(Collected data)
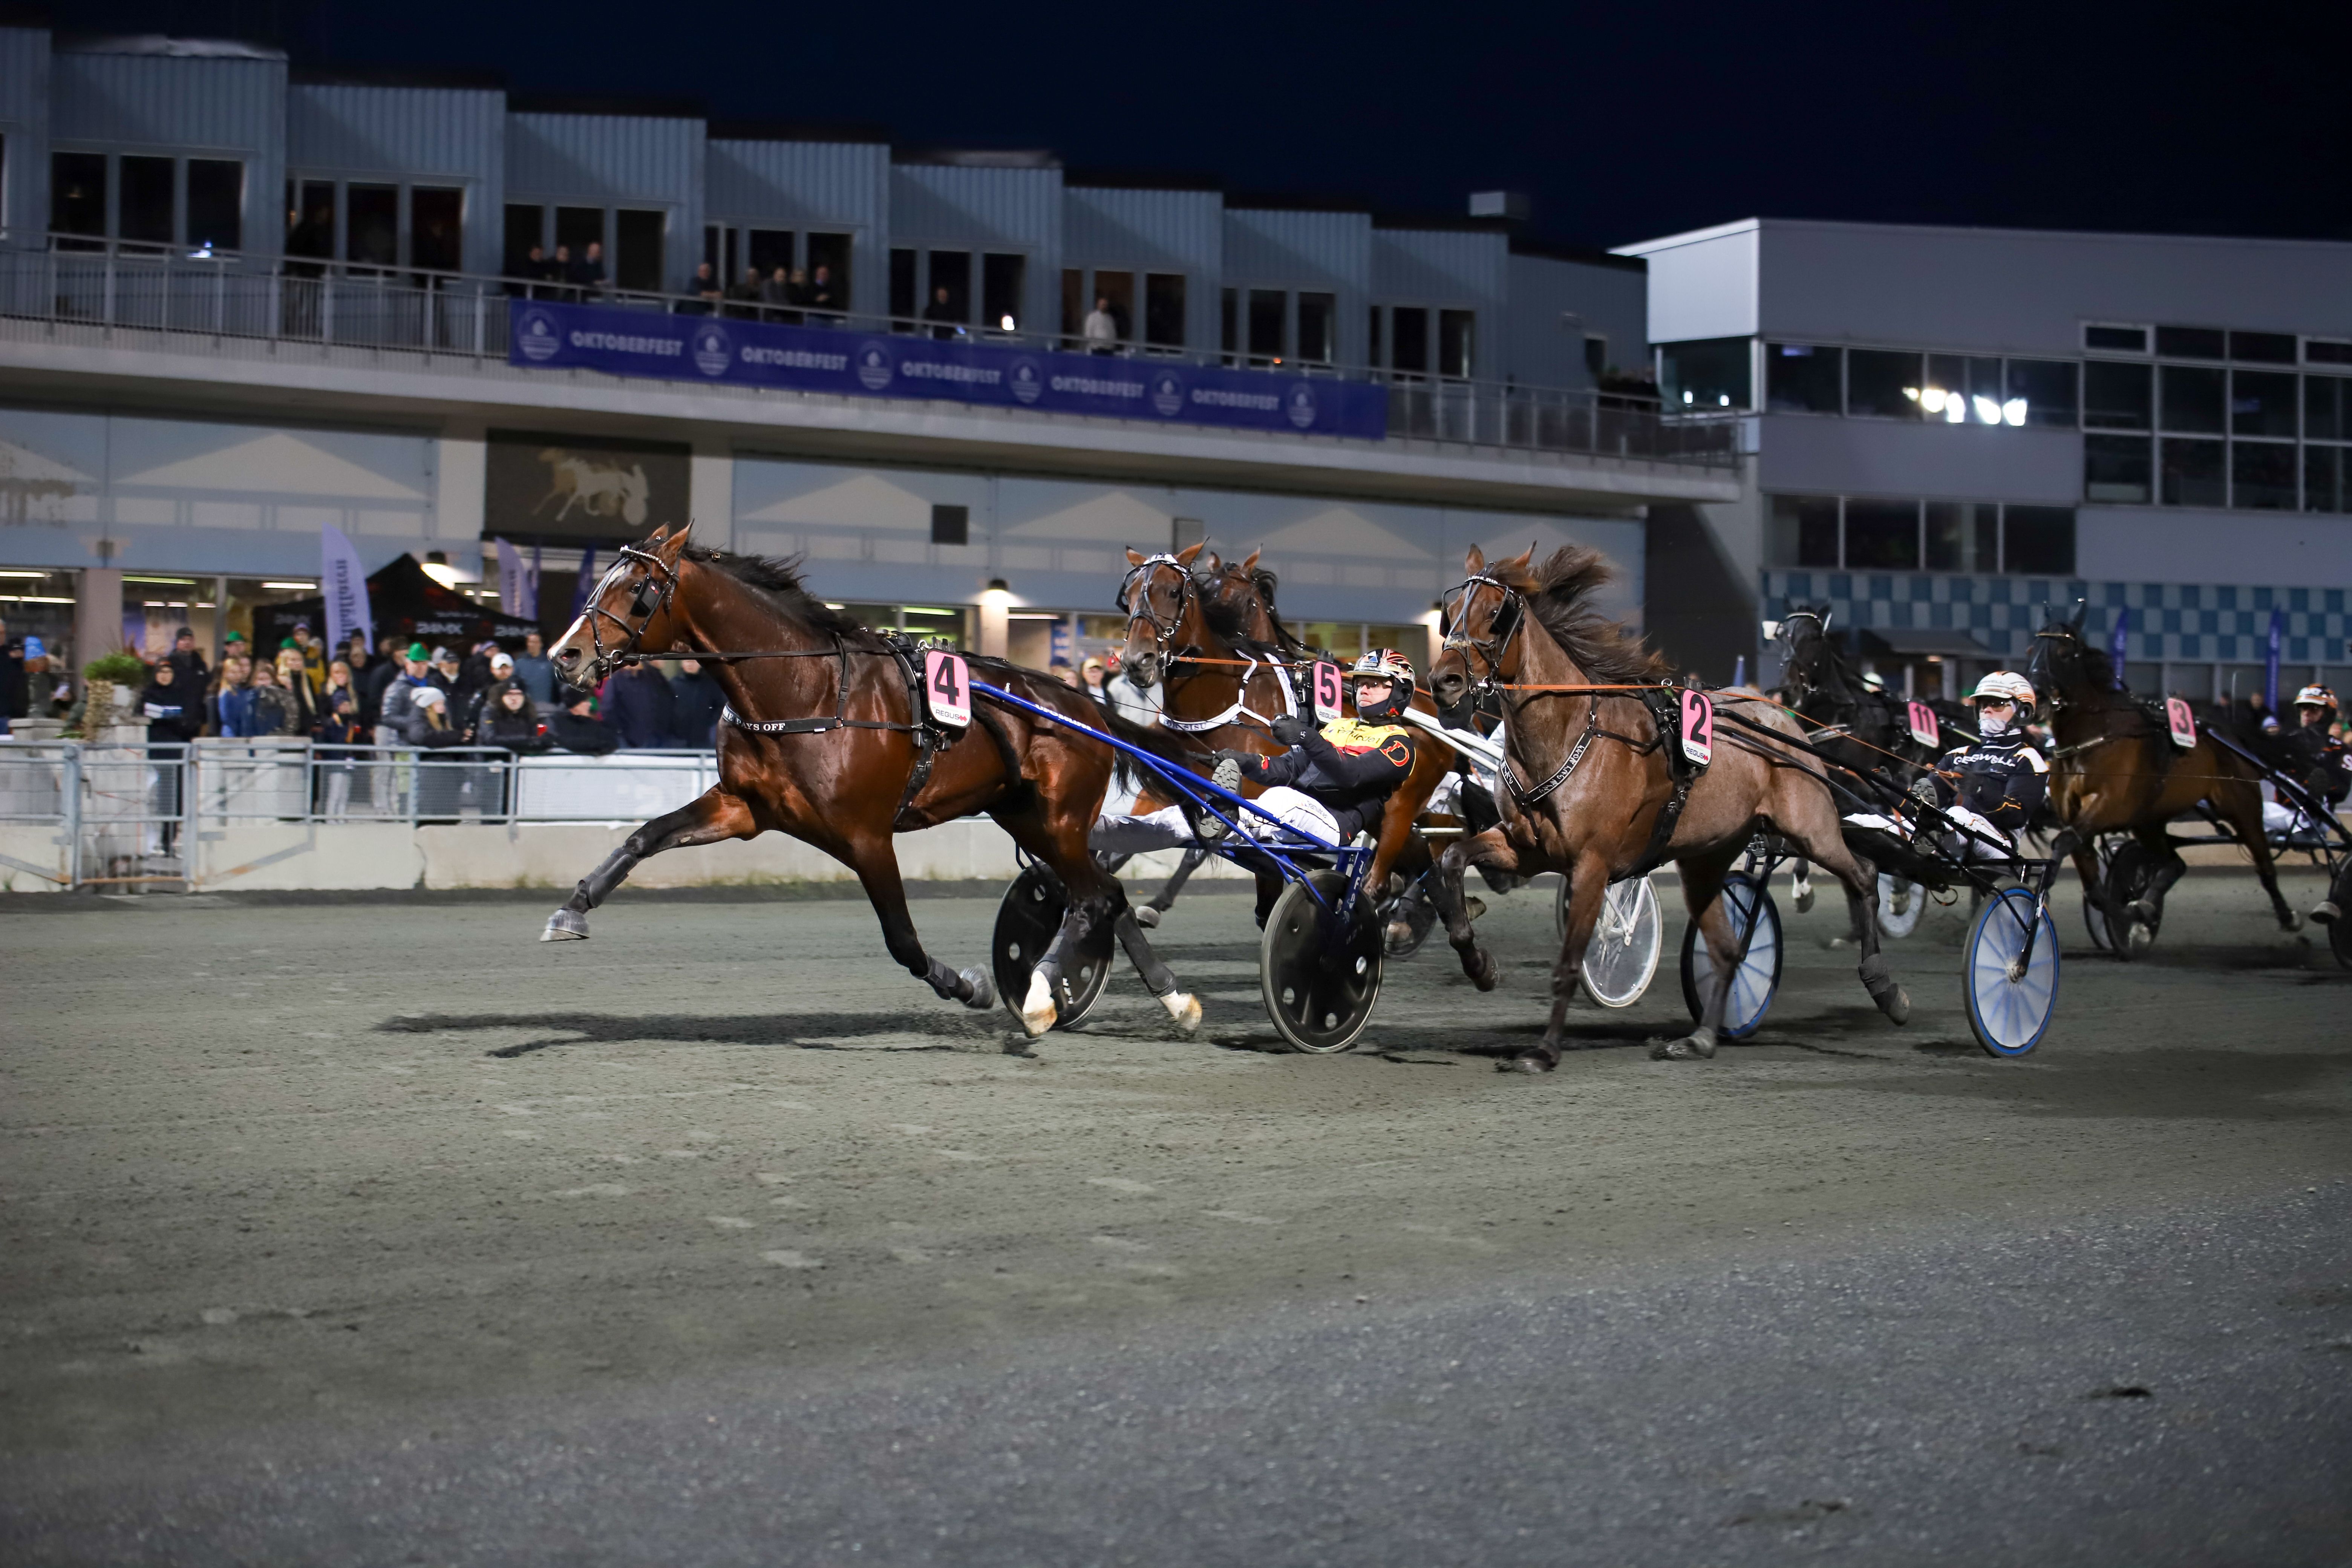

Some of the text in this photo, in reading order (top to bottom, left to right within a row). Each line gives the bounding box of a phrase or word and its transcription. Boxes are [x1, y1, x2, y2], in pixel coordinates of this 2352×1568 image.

[570, 330, 683, 356] OKTOBERFEST
[741, 347, 848, 371] OKTOBERFEST
[902, 361, 1001, 385] OKTOBERFEST
[1050, 375, 1144, 398] OKTOBERFEST
[1191, 388, 1279, 410] OKTOBERFEST
[934, 656, 959, 706] 4
[1320, 664, 1336, 707] 5
[737, 718, 760, 731] PAYS
[936, 709, 960, 720] REGUS
[1690, 694, 1707, 745] 2
[1915, 705, 1932, 735] 11
[2173, 701, 2189, 734] 3
[1686, 747, 1704, 759] REGUS
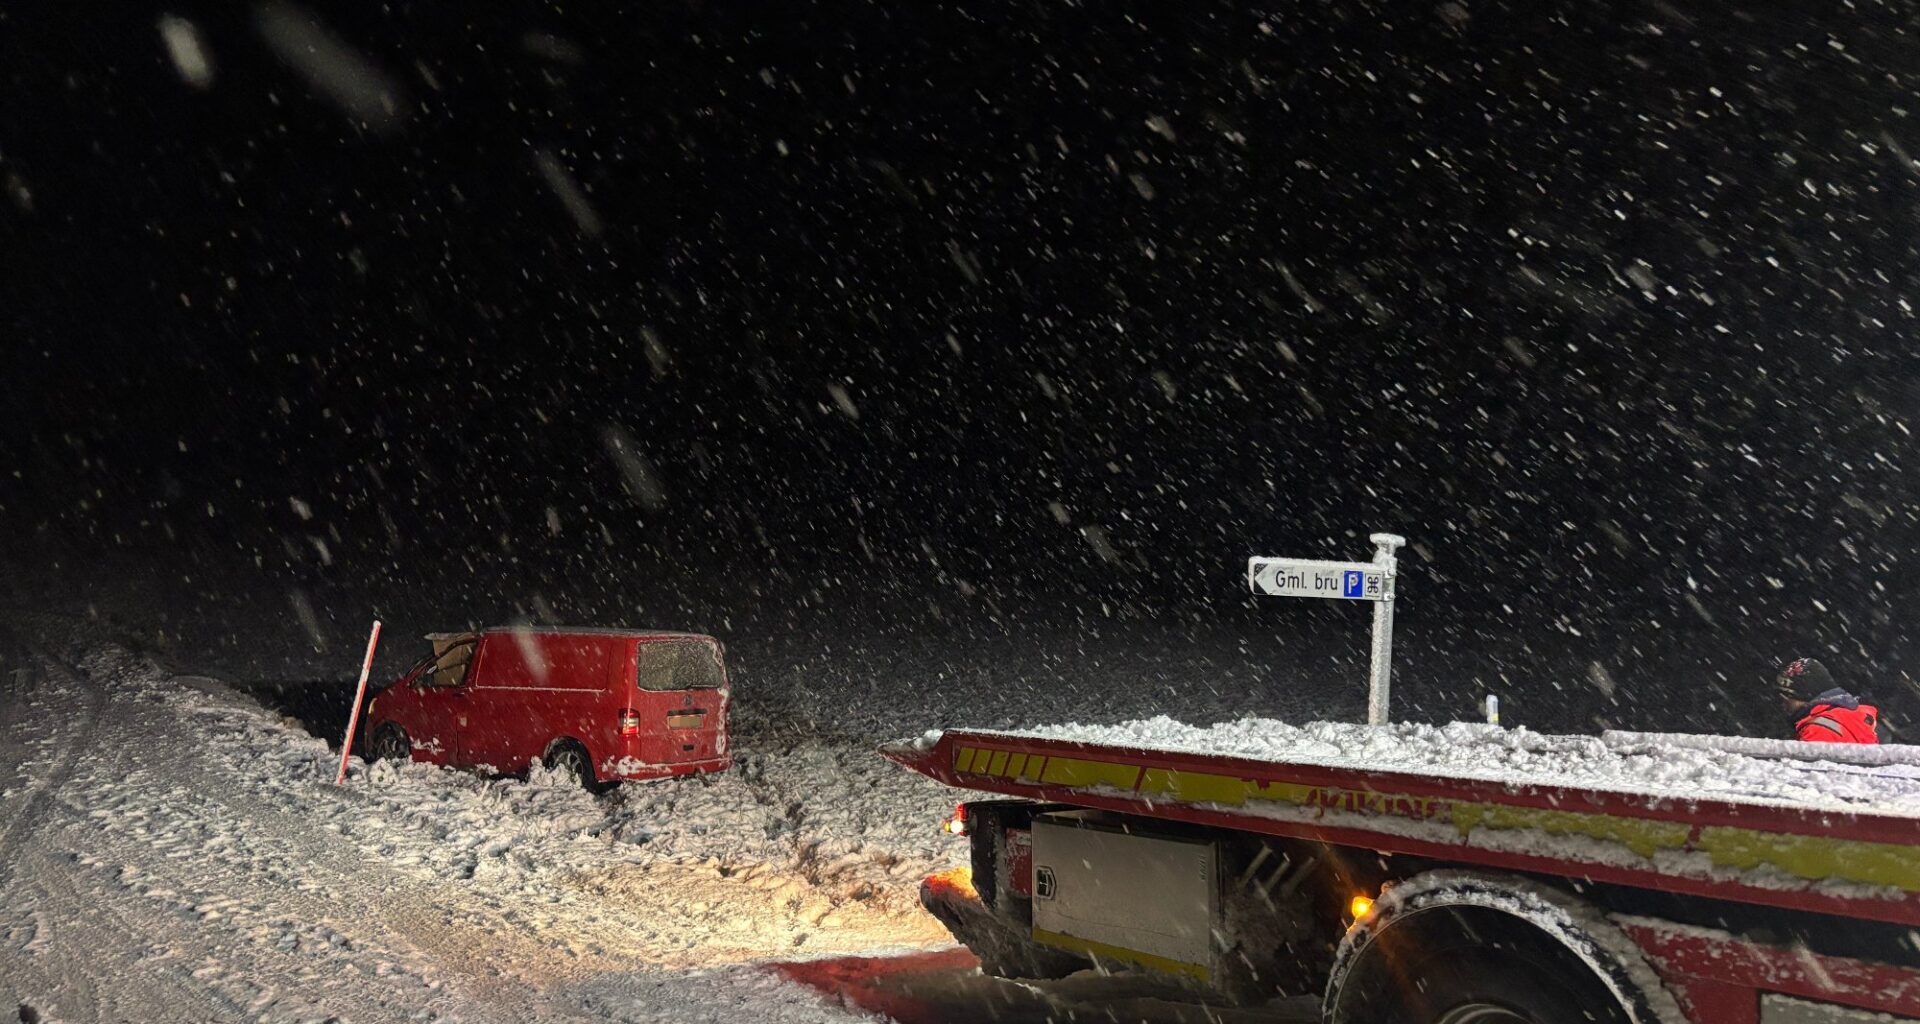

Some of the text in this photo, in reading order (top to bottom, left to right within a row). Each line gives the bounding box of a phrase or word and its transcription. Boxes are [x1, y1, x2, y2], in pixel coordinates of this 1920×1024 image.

[1275, 570, 1359, 594] Gml. bru P

> _Exercise requirements_
Exactly as written, restate all of the data, leaving out the images.

> _Task result_
Some of the text in this photo, in reading order (top to bottom, left to right within a row). Each line gives the bounding box of a phrase or word and its transcription. Boxes are [x1, y1, x2, y2], in pixel coordinates of this 2352×1568 image.

[570, 330, 683, 356] OKTOBERFEST
[741, 347, 848, 371] OKTOBERFEST
[902, 361, 1001, 385] OKTOBERFEST
[1050, 375, 1144, 398] OKTOBERFEST
[1191, 388, 1279, 410] OKTOBERFEST
[934, 656, 959, 706] 4
[1320, 664, 1336, 707] 5
[737, 718, 760, 731] PAYS
[936, 709, 960, 720] REGUS
[1690, 694, 1707, 745] 2
[1915, 705, 1932, 735] 11
[2173, 701, 2189, 734] 3
[1686, 747, 1704, 759] REGUS

Some of the text in this photo, in reading order (top to bottom, left to right within a row). Each line gives the bounding box of a phrase or word and its transcription. Boxes are [x1, y1, x2, y2], in pixel coordinates of this 1920×1024 image.

[1275, 570, 1359, 594] Gml. bru P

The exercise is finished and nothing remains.